Critical or essential workers who are eligible and are able to work during their close contact quarantine period will need to:
- be fully vaccinated;
- be asymptomatic;
- wear a mask;
- travel to and from work in a private vehicle;
- while travelling and working, wear appropriate PPE;
- maintain hygiene behaviours such as regular hand washing;
- undertake regular symptom surveillance;
- undertake a RAT on day 6, consistent with the requirements for all close contacts.
If at any stage they develop symptoms, they need to return to quarantine immediately.
Employers need to determine if their organisation or business falls under the narrow list of critical industries, then identify which roles within their organisation are critical and cannot be performed from home, before notifying the Queensland Government.

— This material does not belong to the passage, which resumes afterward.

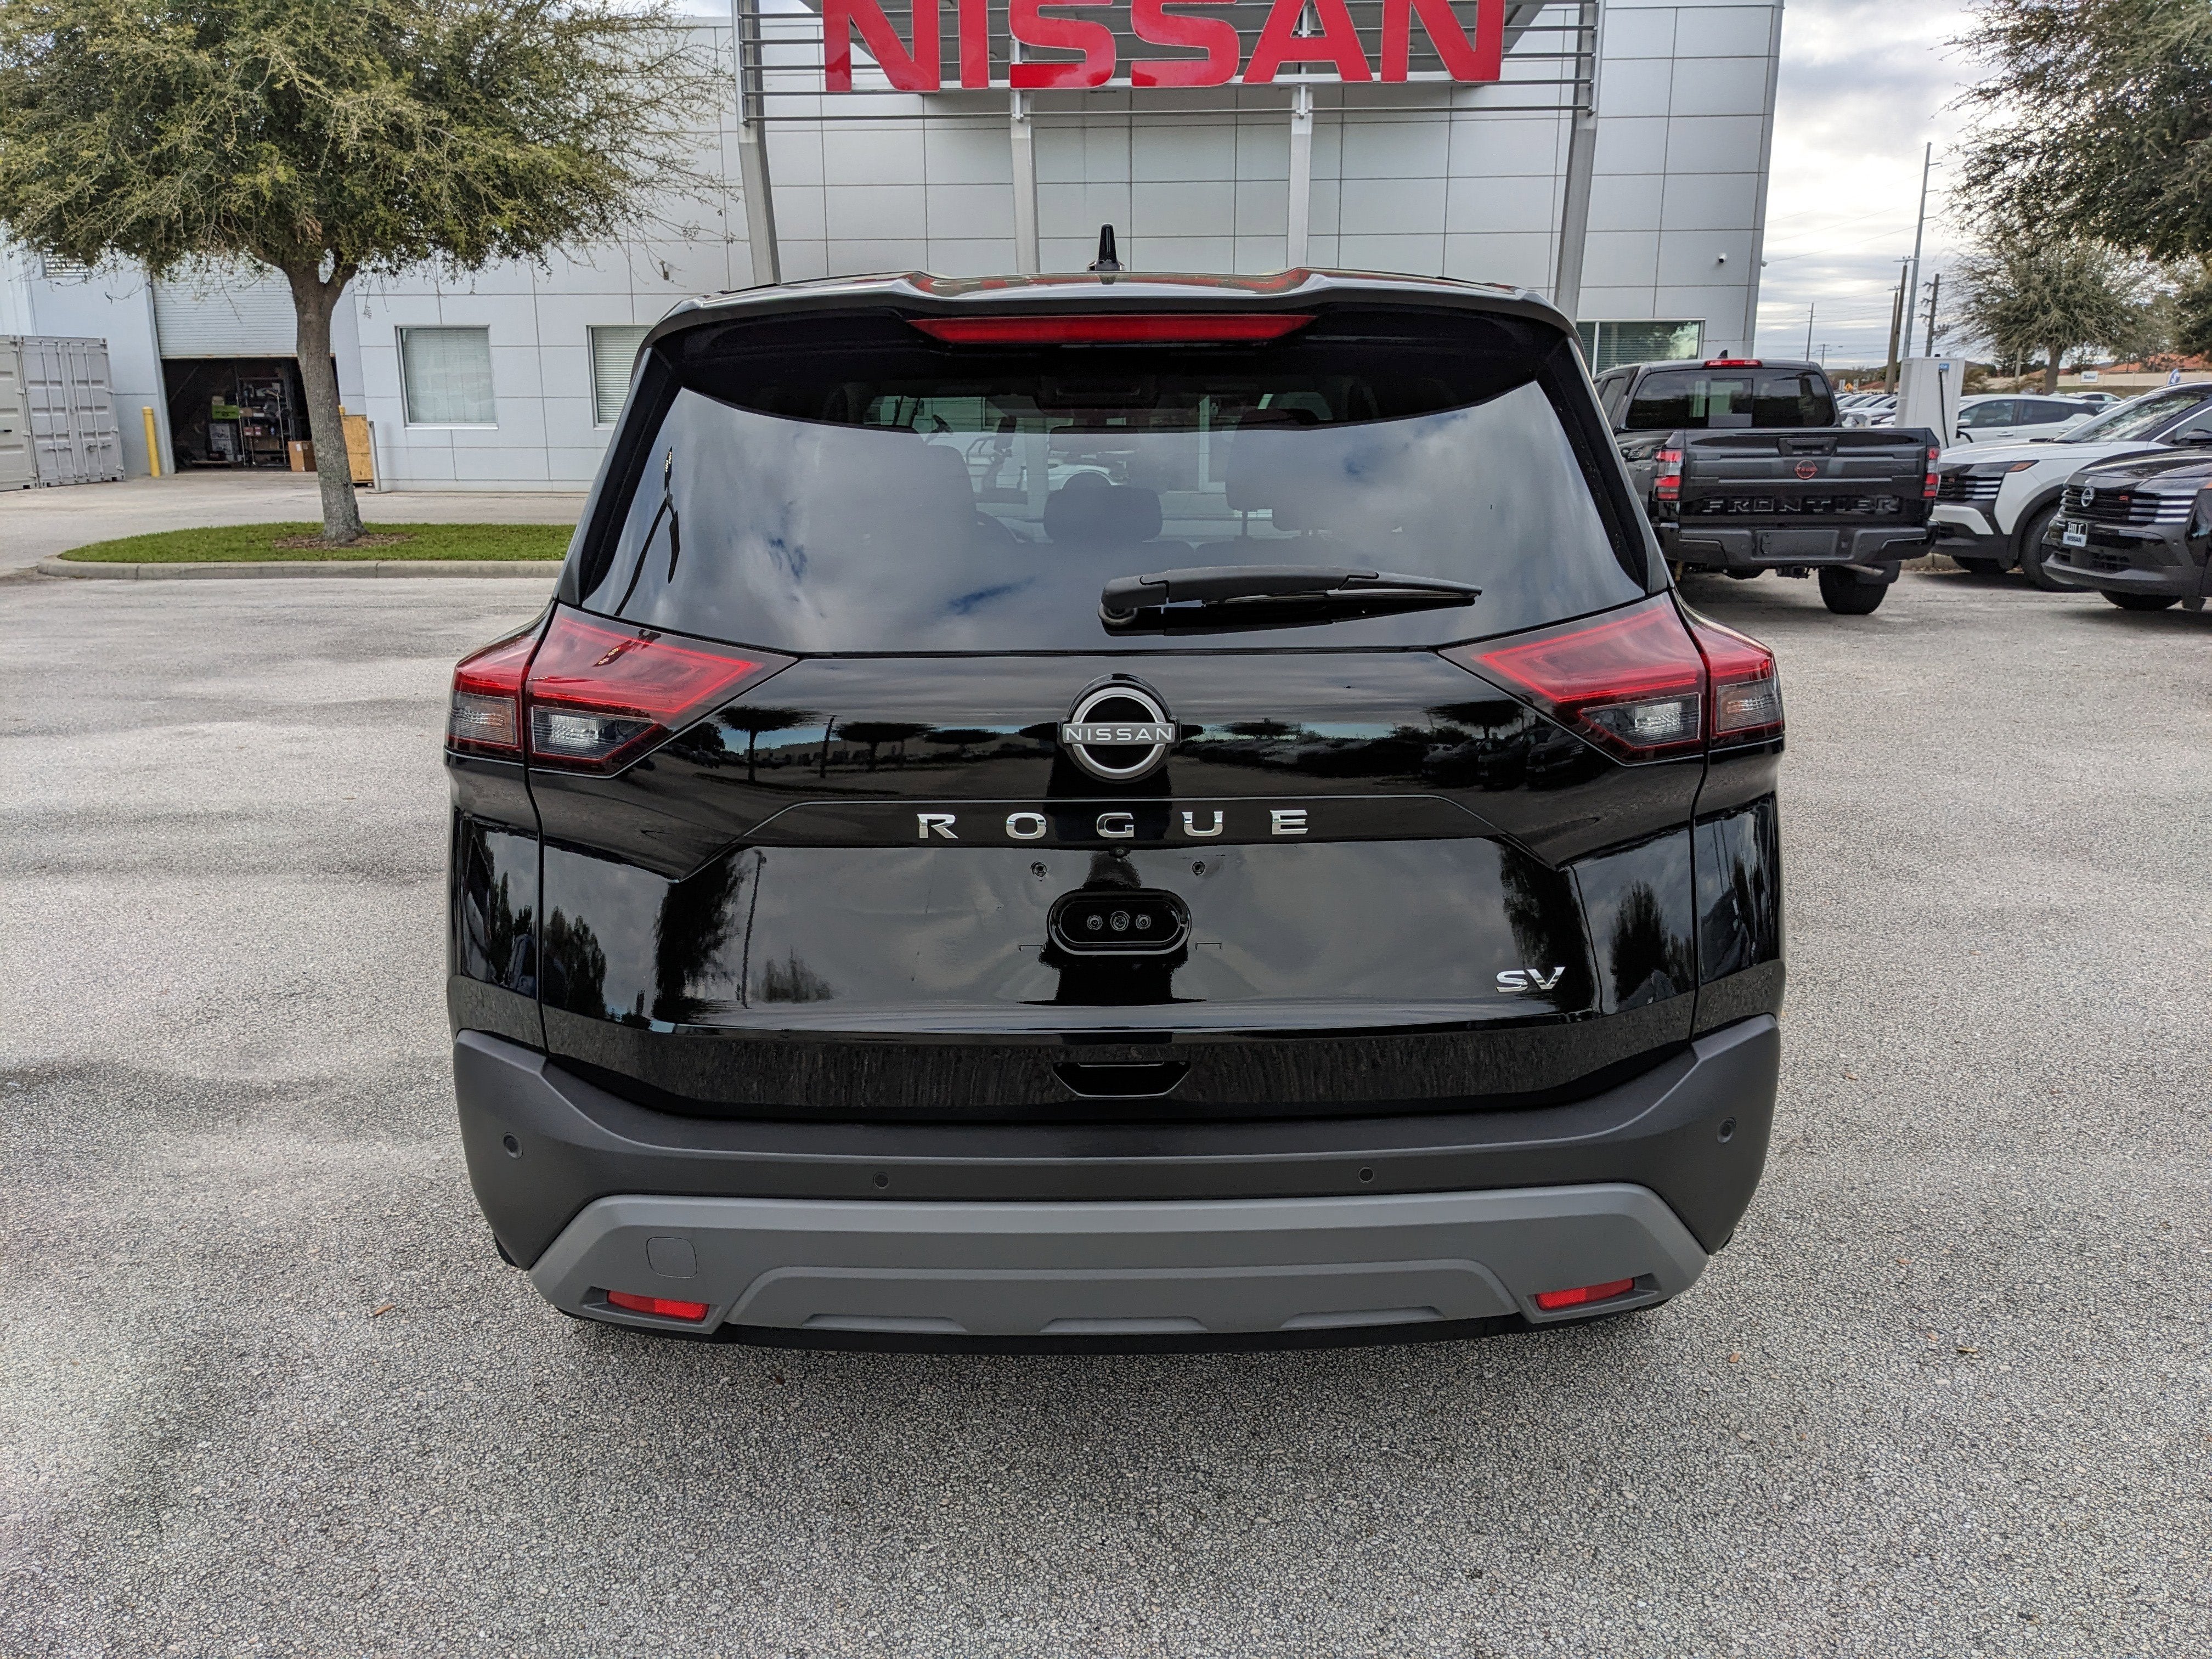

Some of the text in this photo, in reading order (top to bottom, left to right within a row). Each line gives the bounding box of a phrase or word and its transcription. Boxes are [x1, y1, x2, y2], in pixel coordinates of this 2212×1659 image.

[822, 0, 1505, 92] NISSAN
[1066, 727, 1172, 741] NISSAN
[917, 810, 1308, 839] ROGUE
[1495, 966, 1566, 993] SV

A ‘critically essential worker’ will be defined as someone employed in one of the following industries, who must be in the workplace to do their job:
- health emergency services, including Police;
- the resource sector;
- power/utilities;
- agriculture and fisheries production;
- freight and logistics;
- public transport;
- teachers;
- essential retail such as supermarkets and stores in remote locations/communities;
- major manufacturing, distribution, and critical supply chains (for example food and petrol).
For more information, including what to do if you have a critically essential worker who needs to work during their close contact quarantine period, visit the Queensland Government website.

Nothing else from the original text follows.